2019年5月20日月曜日

5/18 明治安田生命J1リーグ第12節 VS ガンバ大阪 @ パナソニック スタジアム 吹田

スタジアムパナソニック スタジアム 吹田主審福島 孝一郎
入場者数35,861人副審和角 敏之、権田 智久
天候 / 気温 / 湿度曇 / 21.6℃ / 35%第4の審判員岡 宏道
ガンバ大阪G大阪
 
セレッソ大阪C大阪
 
  • 監督
  • 宮本 恒靖
 
  • 監督
  • ロティーナ
<監督・選手コメント>
ガンバ大阪 宮本恒靖監督
セレッソ大阪 ロティーナ監督

ガンバ大阪 倉田選手、福田選手
セレッソ大阪 清武選手、丸橋選手、木本選手、藤田選手

大阪ダービーとなった明治安田生命J1リーグ第12節。
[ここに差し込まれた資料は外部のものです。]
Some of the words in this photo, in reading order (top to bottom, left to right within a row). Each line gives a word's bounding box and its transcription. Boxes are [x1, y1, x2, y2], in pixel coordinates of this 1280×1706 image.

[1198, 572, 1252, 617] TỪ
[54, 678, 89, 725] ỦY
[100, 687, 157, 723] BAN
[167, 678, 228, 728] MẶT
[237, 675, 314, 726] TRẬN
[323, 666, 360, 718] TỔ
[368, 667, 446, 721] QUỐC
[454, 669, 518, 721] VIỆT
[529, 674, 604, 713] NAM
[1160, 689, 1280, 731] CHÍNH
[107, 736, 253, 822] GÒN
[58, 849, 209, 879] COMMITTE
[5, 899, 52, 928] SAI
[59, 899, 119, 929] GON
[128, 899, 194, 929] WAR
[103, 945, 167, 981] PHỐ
ガンバ大阪は7試合勝利なし、セレッソ大阪は連勝と対象的なチーム状況で敵地パナソニック スタジアム 吹田に乗り込んだセレッソ大阪だったが1-0の敗戦に終わった。

■メンバー

ガンバ大阪の先発メンバーだが、ここまでリーグ戦7試合勝利なし、前節は最下位鳥栖に敗戦と何かを変えなければいけないタイミングだったのは間違いない。
そんな中でなんと先発メンバー5人を変更。キム・ヨングォンは出場停止だが、さらに米倉、オ・ジェソク、今野、遠藤の実績ある4人が外れることに。代わりに入ったのは三浦、高尾、福田、矢島、高江の5人で高尾はJ1リーグ戦デビュー、福田は今季リーグ戦初出場、矢島と高江は今季リーグ戦初先発となる。
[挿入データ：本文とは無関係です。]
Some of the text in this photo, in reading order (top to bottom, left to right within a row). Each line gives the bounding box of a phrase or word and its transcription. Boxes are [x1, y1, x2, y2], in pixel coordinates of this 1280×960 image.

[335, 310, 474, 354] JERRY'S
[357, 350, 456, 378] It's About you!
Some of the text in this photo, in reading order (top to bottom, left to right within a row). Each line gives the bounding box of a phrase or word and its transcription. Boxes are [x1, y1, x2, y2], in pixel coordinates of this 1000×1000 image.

一方、セレッソ大阪の先発メンバーだがこちらは前節から2人入れ替え。
大怪我の都倉に代わって高木、U-20日本代表の瀬古に代わって木本が入っている。

■4バックに偽装?

キックオフ直後の両チーム
この試合でガンバは3-1-4-2の布陣を取ってきたのだが、キックオフ時点から数分間の立ち位置は3-1-4-2ではなく倉田がトップ下でアデミウソンが左に入る4-2-3-1だった。
ボール非保持でも最初は4-4-2でセットしていた。小野瀬がちょっと低いポジションまで行くこともあったが、4バックでもガンバではよくある状況だ。
なのでおそらくセレッソは最初ガンバを4バックだと見たんじゃないかと思う。
左上がりの3-4-2-1
そう感じたのはセレッソが最初左上がりの3-4-2-1でビルドアップしようとしていたから。
4-2-3-1、つまり4-4-2でセットする守備であればこの立ち位置でズレを作りやすい。
人について行って問題ないガンバ
がしかし実際の立ち位置は3-1-4-2。4-4-2から3-4-2-1へのポジション移動と同じように動けば成立する形だった。
なのでセレッソは10分までにはこの左上がりの3-4-2-1のビルドアップを行わなくなる。
おそらくここでセレッソは相手の布陣が3-1-4-2だということに気がついたのだろう。
なのでガンバが最初4バックのように振る舞ったことで直接的にわかりやすい効果があったわけではないが。

■食いついた背後

ボランチの1枚が下がる
左上がりの3バック化を止めたセレッソはボール保持/非保持ともに4-4-2で戦うようになる。
5-3-2に対してサイドに2人いることで優位に戦おうという狙いだったんだと思う。
そして相手の2トップに対してはボランチの1人、主に藤田がCBの間に落ちることで対応する。
10分、高木が抜け出す
すると、10分、セレッソがビッグチャンスを迎える。
CBの間に落ちた藤田からキム・ジンヒョンに戻してヨニッチにボールが渡ったところで左インサイドハーフの倉田が食いつく。これをきっかけに福田、菅沼、三浦と同サイドは人を捕まえに行くがヨニッチが狙ったのは三浦の背後。メンデスがフリックしてもよし、メンデスが触れなくても良しという形でこのボールに対して高木が背後に飛び出すと東口と1対1の状況を作った。
この相手が食いついたところで背後を狙うというのはおそらくセレッソが準備してきた形だったのだろう。33分には今度は松田からの対角パスで清武が抜け出しかけている。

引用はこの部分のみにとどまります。